#### PROBLEM STATEMENT
An exact repetition of every entry, with no images, is the required answer.

#### ENTRIES SUPPLIED
--

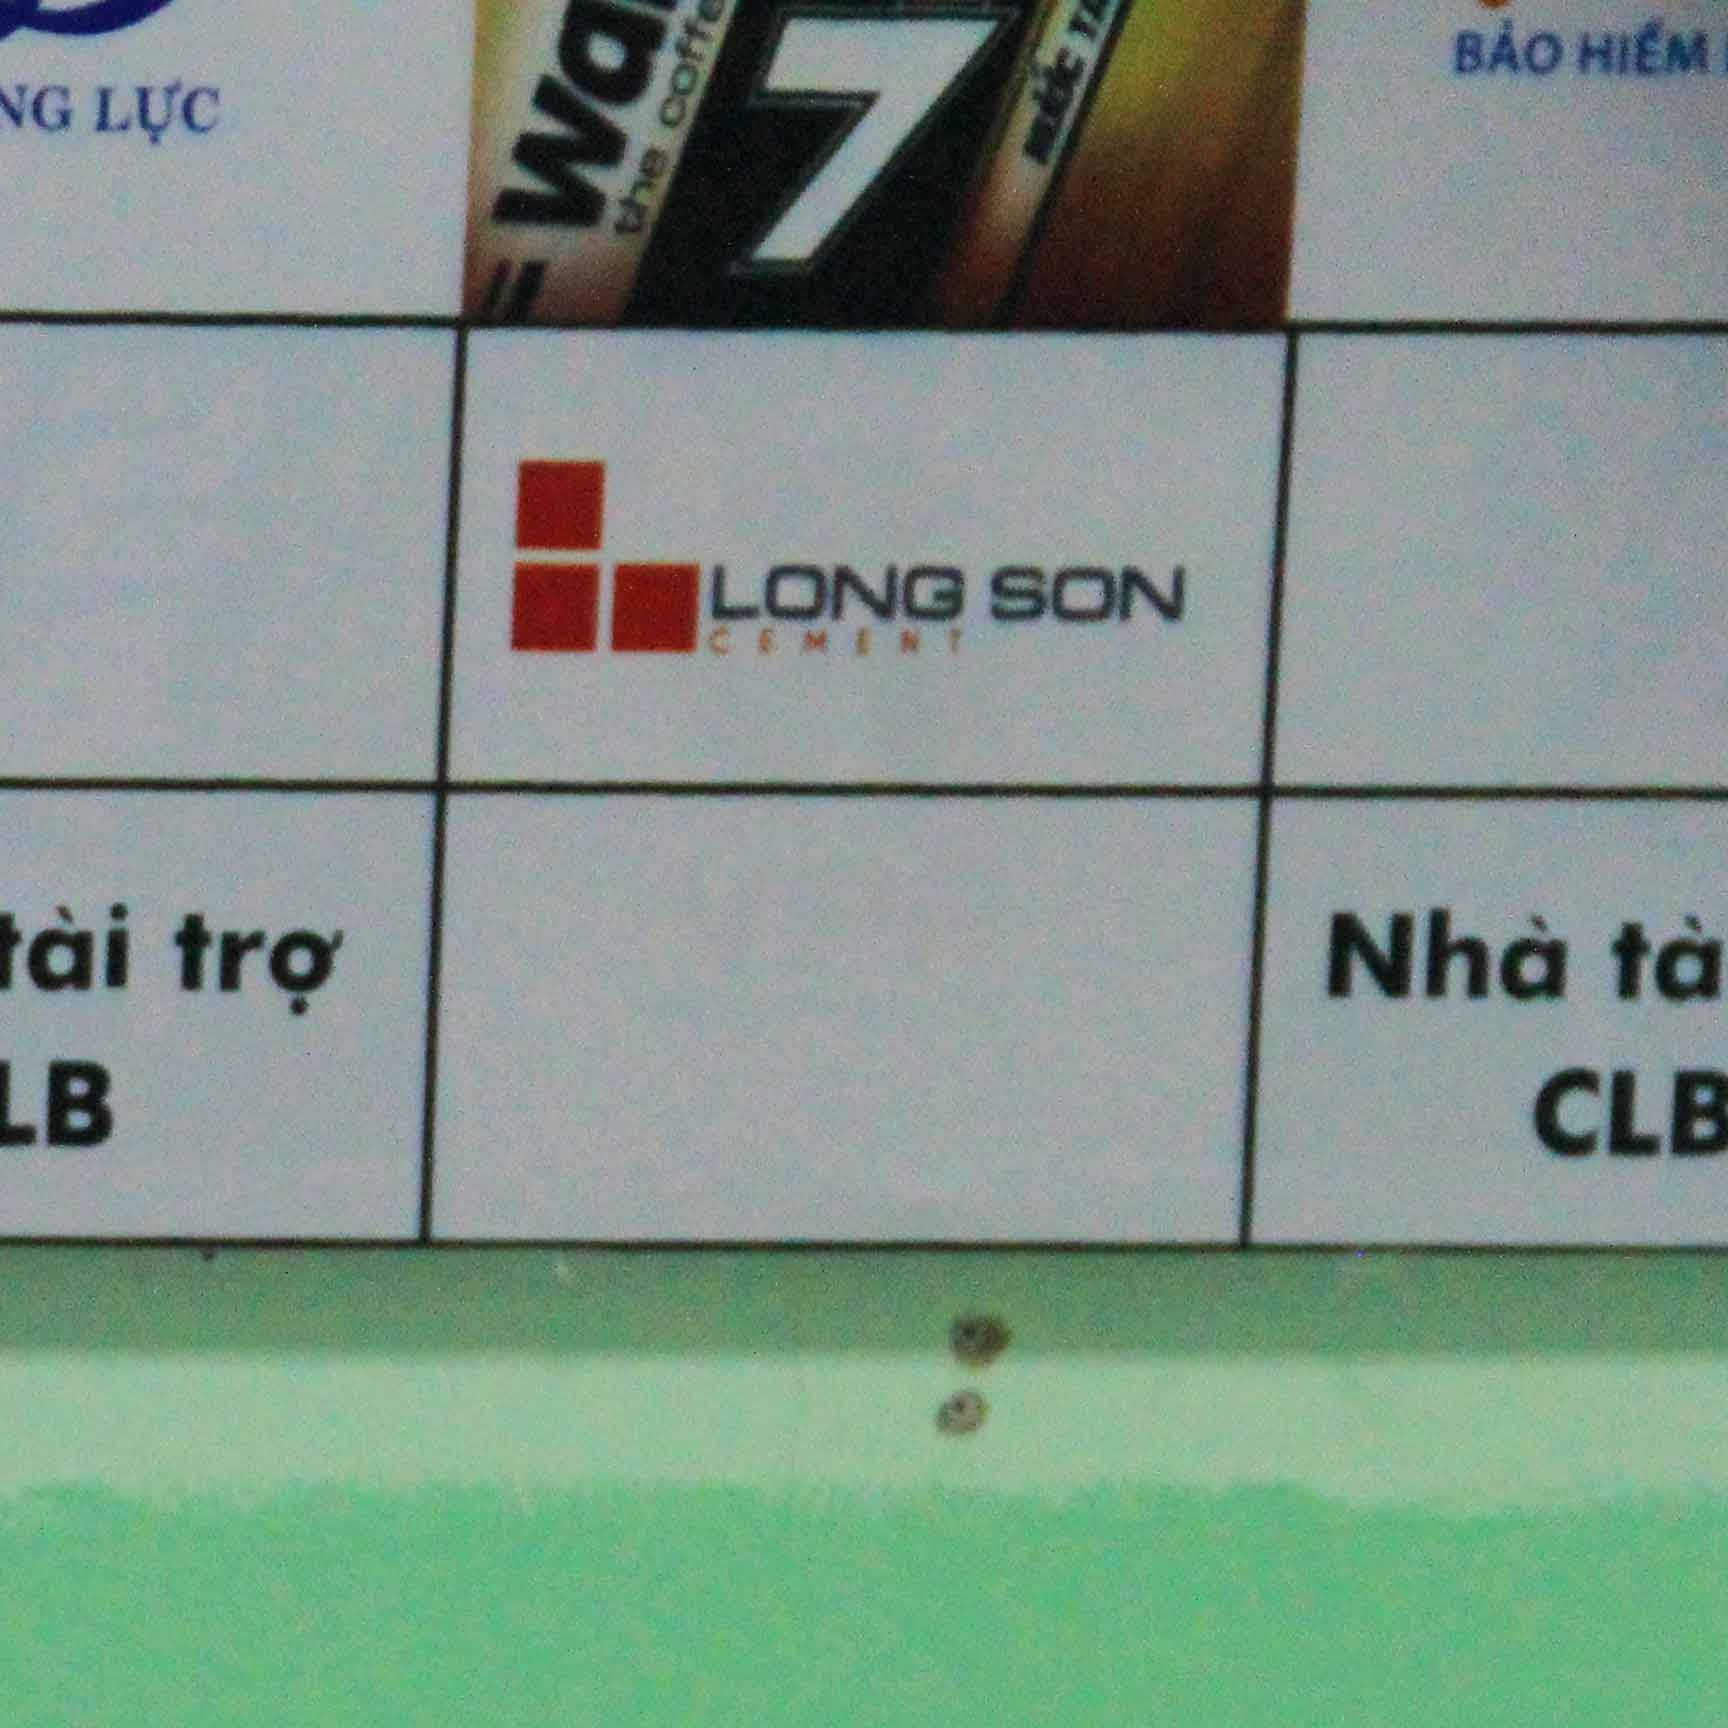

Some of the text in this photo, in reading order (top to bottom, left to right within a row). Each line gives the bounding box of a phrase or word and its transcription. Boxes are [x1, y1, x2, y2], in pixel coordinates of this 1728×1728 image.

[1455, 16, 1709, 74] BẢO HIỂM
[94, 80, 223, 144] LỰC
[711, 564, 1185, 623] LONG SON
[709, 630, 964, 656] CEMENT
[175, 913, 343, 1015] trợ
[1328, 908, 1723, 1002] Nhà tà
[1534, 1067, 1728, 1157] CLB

--

#### EXERCISE ANSWER
Some of the text in this photo, in reading order (top to bottom, left to right within a row). Each line gives the bounding box of a phrase or word and its transcription. Boxes are [x1, y1, x2, y2], in pixel coordinates of this 1728×1728 image.

[1455, 16, 1709, 74] BẢO HIỂM
[94, 80, 223, 144] LỰC
[711, 564, 1185, 623] LONG SON
[709, 630, 964, 656] CEMENT
[175, 913, 343, 1015] trợ
[1328, 908, 1723, 1002] Nhà tà
[1534, 1067, 1728, 1157] CLB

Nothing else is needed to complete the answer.